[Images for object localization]

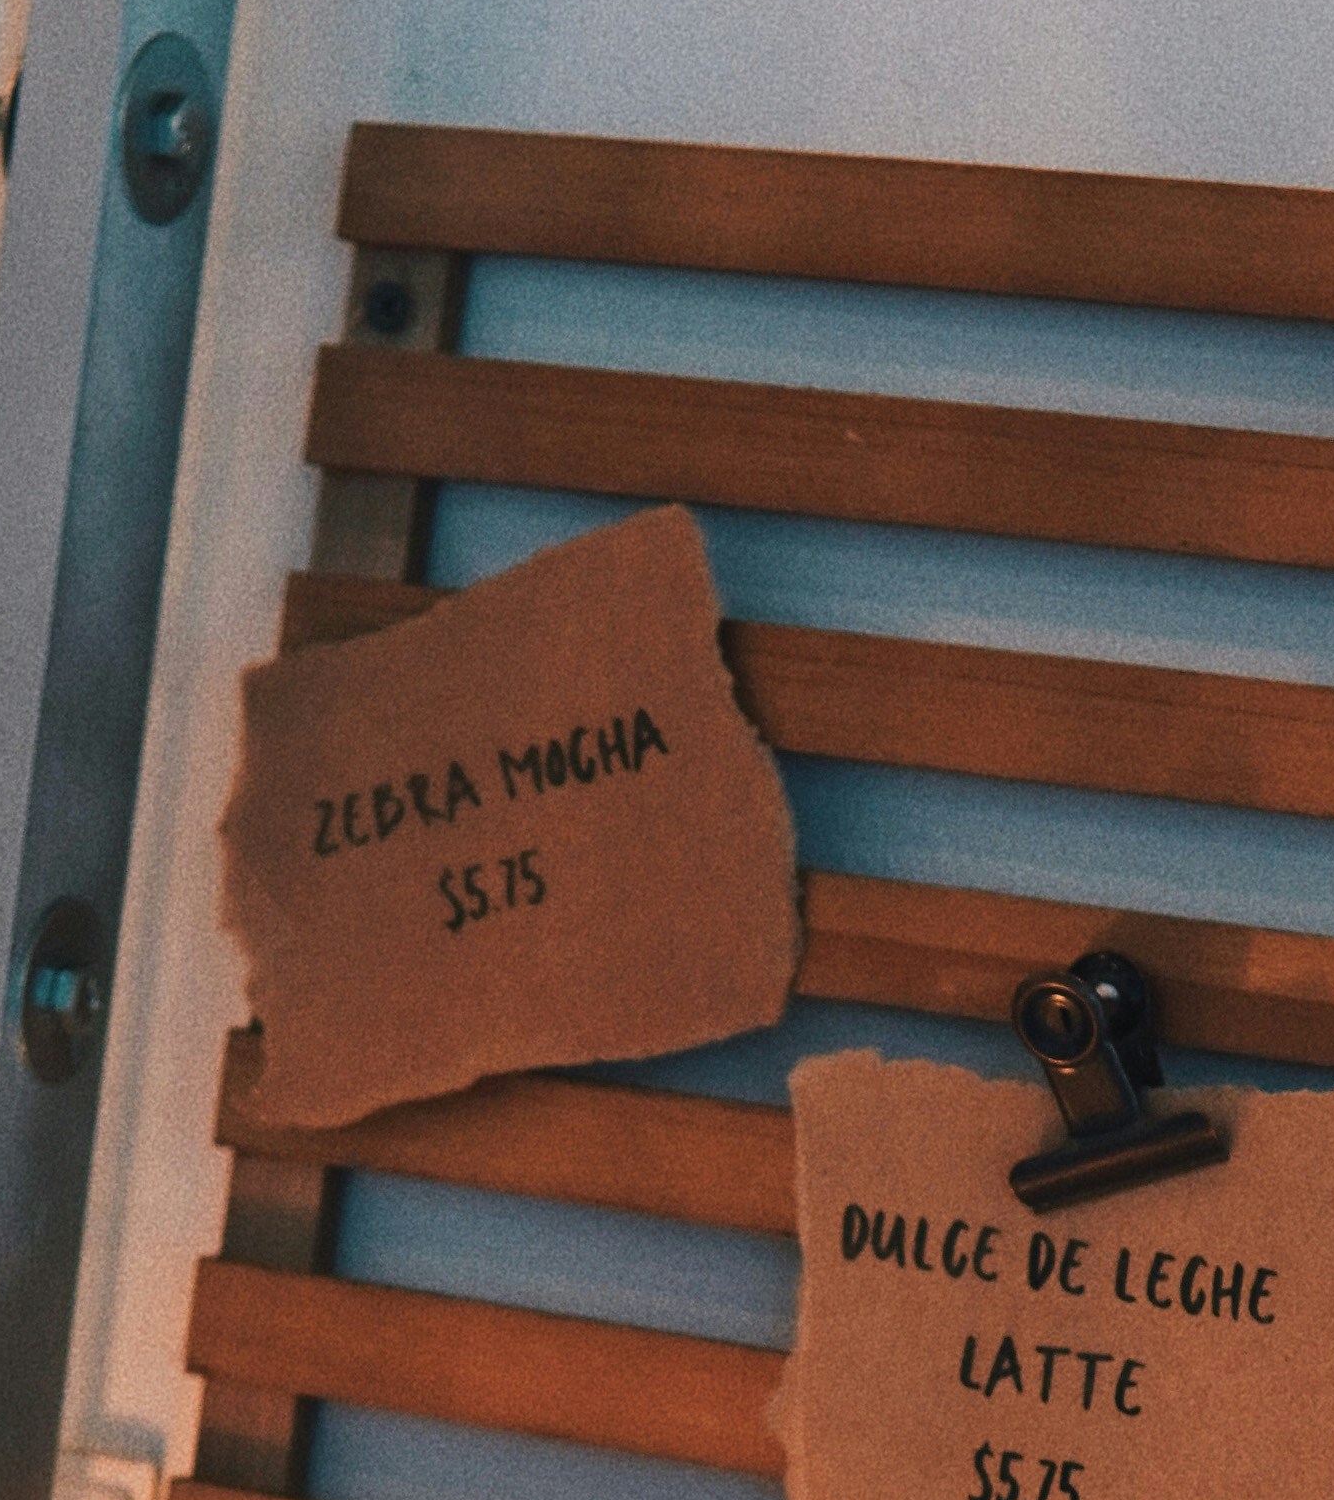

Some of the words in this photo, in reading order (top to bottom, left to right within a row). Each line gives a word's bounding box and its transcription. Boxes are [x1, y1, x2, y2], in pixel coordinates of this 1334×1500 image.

[314, 761, 481, 857] ZEBRA
[499, 710, 667, 797] MOCHA
[438, 851, 546, 933] $5.75
[841, 1204, 999, 1282] DULCE
[1028, 1232, 1087, 1295] DE
[1114, 1248, 1276, 1324] LECHE
[959, 1334, 1142, 1417] LATTE
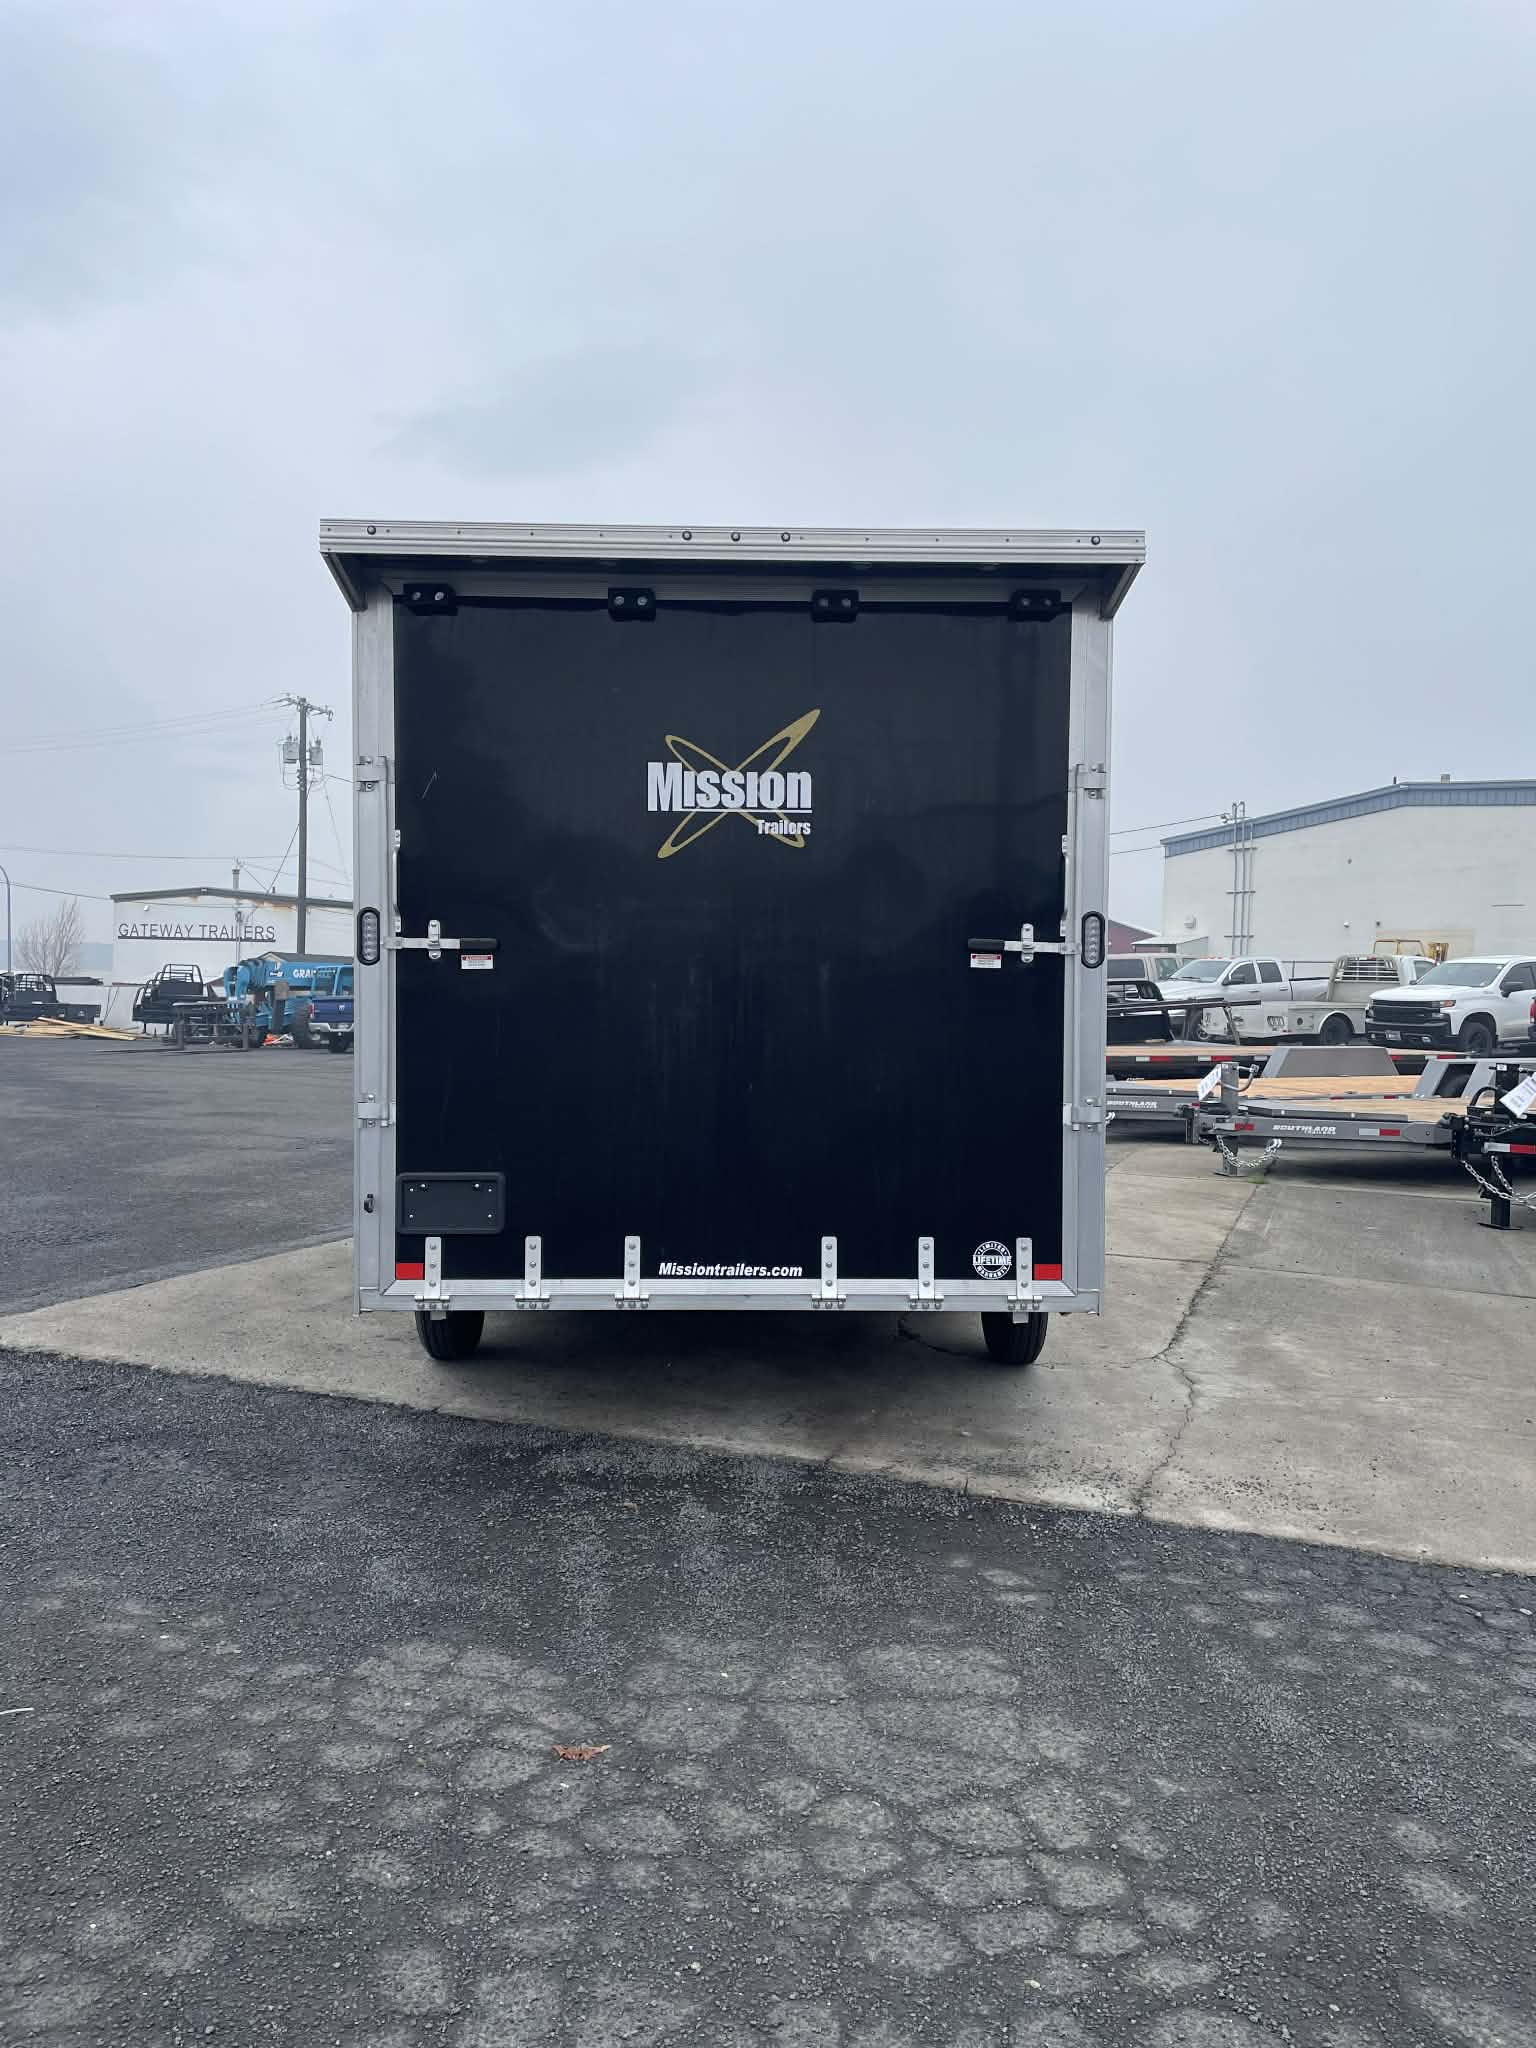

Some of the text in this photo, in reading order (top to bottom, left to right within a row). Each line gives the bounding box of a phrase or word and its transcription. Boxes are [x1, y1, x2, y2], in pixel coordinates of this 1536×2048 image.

[648, 762, 812, 812] Mission
[757, 820, 811, 835] Trailers
[118, 923, 193, 938] GATEWAY
[972, 1255, 1012, 1265] LIFETIME
[658, 1262, 803, 1277] Missiontrailers.com

## EXERCISE BRIEF
Your response should hold only an exact copy of the lines above, from the one containing "Some of the text" through the end of the entries.

## SOLUTION
Some of the text in this photo, in reading order (top to bottom, left to right within a row). Each line gives the bounding box of a phrase or word and its transcription. Boxes are [x1, y1, x2, y2], in pixel coordinates of this 1536×2048 image.

[648, 762, 812, 812] Mission
[757, 820, 811, 835] Trailers
[118, 923, 193, 938] GATEWAY
[972, 1255, 1012, 1265] LIFETIME
[658, 1262, 803, 1277] Missiontrailers.com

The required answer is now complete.